In this article I’m going to talk about partial and sparse indexes in MongoDB® and Percona Server for MongoDB®. I’ll show you how to use them, and look at cases where they can be helpful. Prior to discussing these indexes in MongoDB in detail, though, let’s talk about an issue on a relational database like MySQL®.
The boolean issue in MySQL
Consider you have a very large table in MySQL with a boolean column. Typically you created a ENUM(‘T’,’F’) field to store the boolean information or a TINYINT column to store only 1s and 0s. This is good so far. But think now what you can do if you need to run a lot of queries on the table, with a condition on the boolean field, and no other relevant conditions on other indexed columns are used to filter the examined rows.
Why not create and index on the boolean field? Well, yes, you can, but in some cases this solution will be completely useless and will introduce an overhead for the index maintenance.
Think about if you have an even distribution of true and false values in the table, in more or less a 50:50 split. In this situation, the index on the boolean column cannot be used because MySQL will prefer to do a full scan of the large table instead of selecting half of rows using the BTREE entries. We can say that a boolean field like this one has a low cardinality, and it’s not highly selective.

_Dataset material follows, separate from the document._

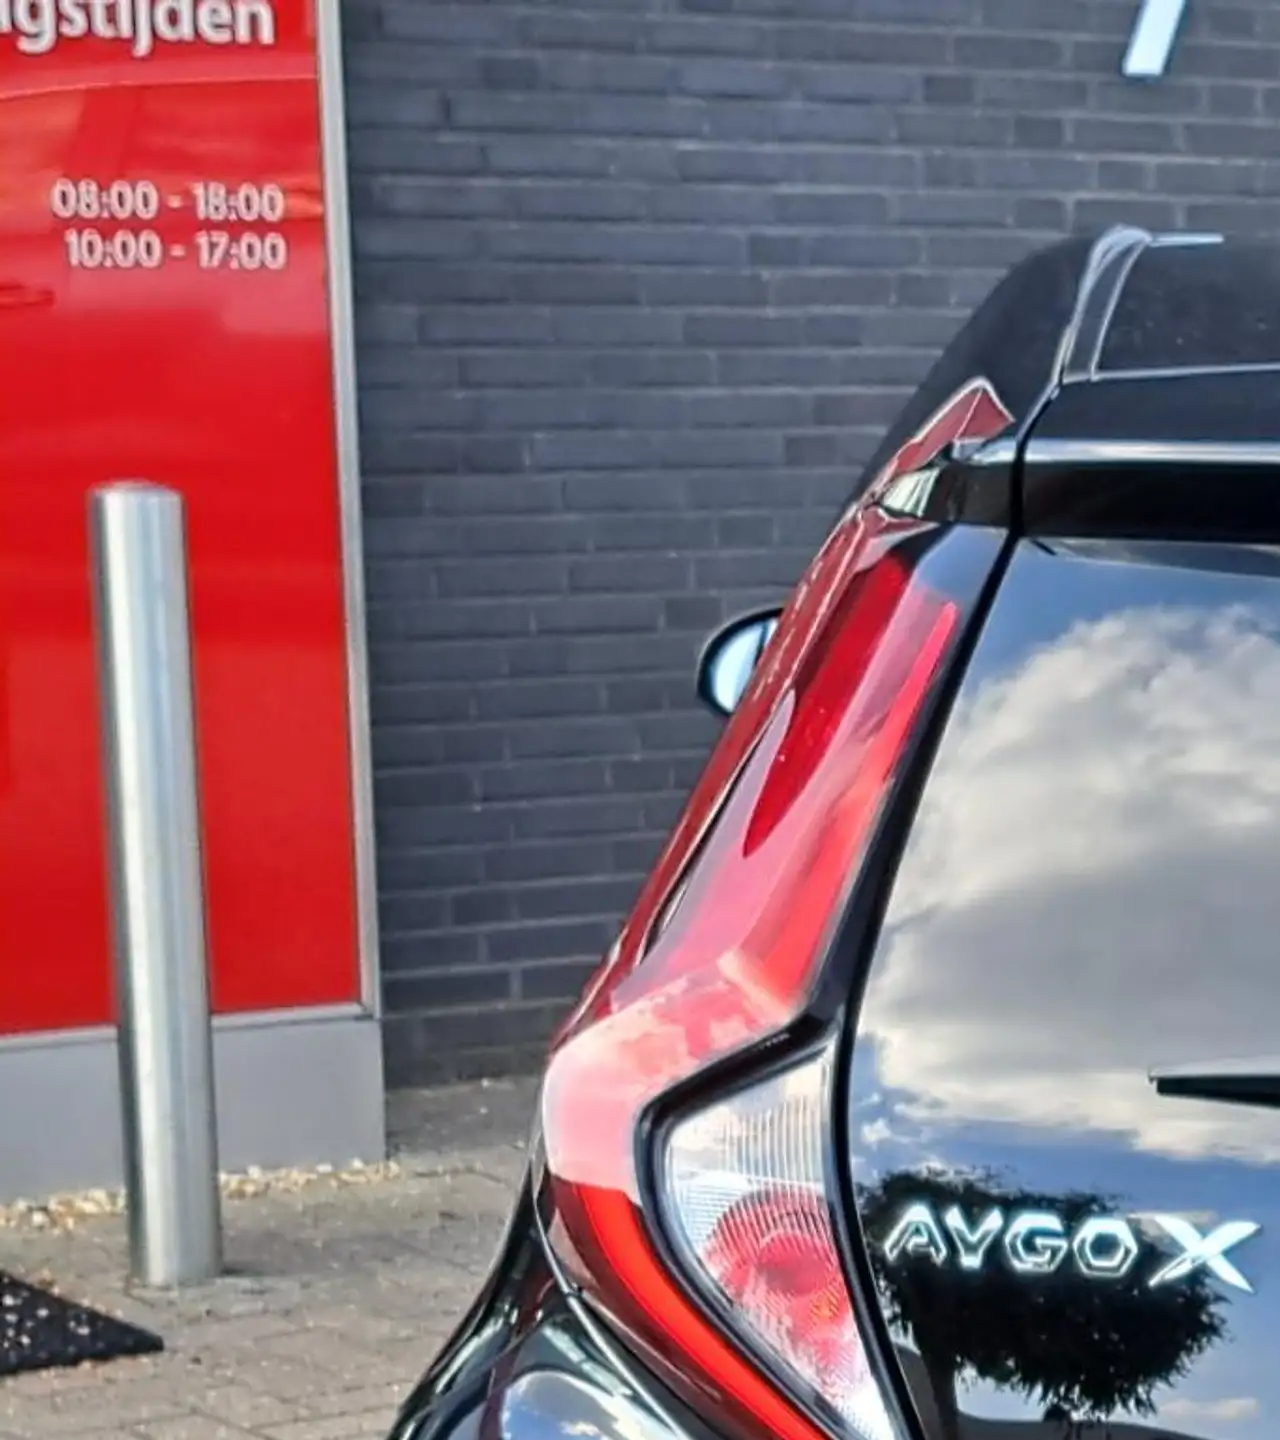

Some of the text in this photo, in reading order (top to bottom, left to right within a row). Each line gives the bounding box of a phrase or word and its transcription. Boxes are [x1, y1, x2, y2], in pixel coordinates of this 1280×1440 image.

Consider now the case in which you don’t have an even distribution of the values, let’s say 2% of the rows contain false and the remaining 98% contain true. In such a situation, a query to select the false values will most probably use the index. The queries to select the true values won’t use the index, for the same reason we have discussed previously. In this second case the index is very useful, but only for selecting the great minority of rows. The remaining 98% of the entries in the index are completely useless. This represents a great waste of disk space and resources, because the index must be maintained for each write.
It’s not just booleans that can have this problem in relation to index usage, but any field with a low cardinality.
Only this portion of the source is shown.